Co-infection Is Uncommon

You can catch both viruses at the same time, but it doesn’t happen often. Clinical reviews have found RSV and SARS-CoV-2 co-infection rates averaging around 3%. Patients with both viruses tend to need slightly more supportive care in the hospital, but co-infection has not been linked to a higher risk of death compared to either virus alone.

Interestingly, animal research has suggested something counterintuitive: in mice, simultaneous infection with RSV and SARS-CoV-2 appeared to reduce the severity of COVID-19 symptoms and slow SARS-CoV-2 replication.
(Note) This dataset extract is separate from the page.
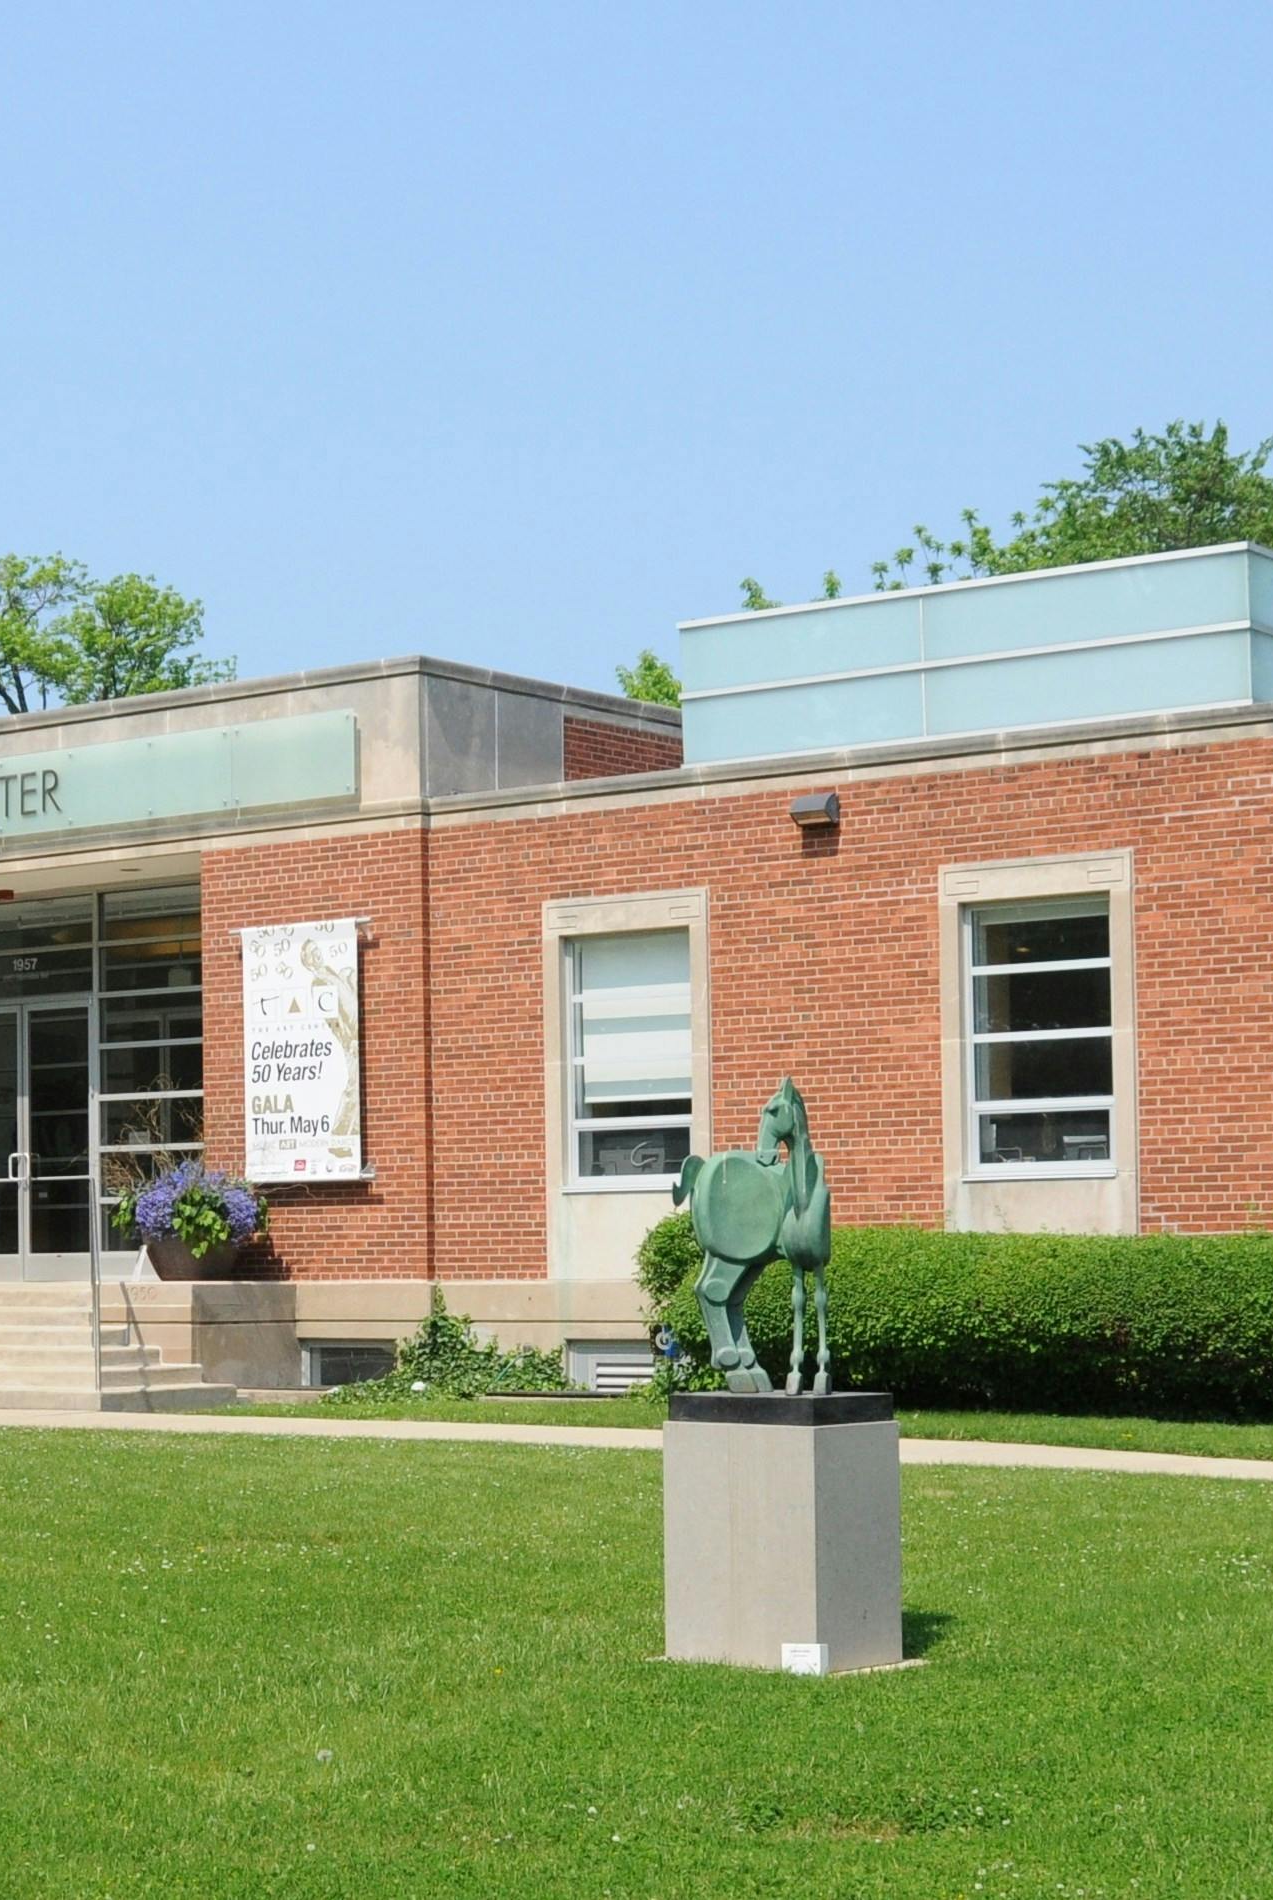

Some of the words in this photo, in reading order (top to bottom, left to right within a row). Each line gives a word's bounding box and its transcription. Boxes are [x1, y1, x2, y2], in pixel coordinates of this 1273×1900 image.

Co-infected mice lost less body weight and showed lower illness scores than mice infected with SARS-CoV-2 alone. This may reflect a phenomenon called viral interference, where one respiratory virus triggers an immune response that partially blocks another, though the practical implications for humans are still being studied.

Separate Vaccines for Separate Viruses

Because these are unrelated viruses, protection against one does nothing for the other. Each requires its own vaccine.

RSV vaccines approved in the U.S. use protein subunit technology, delivering a piece of the virus’s surface protein to train the immune system. Two vaccines, Arexvy and Abrysvo, are available for older adults. Abrysvo can also be given during pregnancy to pass protective antibodies to newborns. For COVID-19, the primary vaccines in the U.S. use mRNA technology, which instructs cells to produce a piece of the spike protein and mount an immune response. Other COVID-19 vaccine types developed globally include viral vector, inactivated virus, and protein subunit approaches.

The timing and eligibility for each vaccine differ. RSV vaccines target older adults and, through maternal immunization, newborns. COVID-19 vaccines are recommended broadly across age groups, with updated formulations released to match circulating variants. Getting vaccinated against one virus provides no cross-protection against the other, so people in high-risk groups may benefit from both.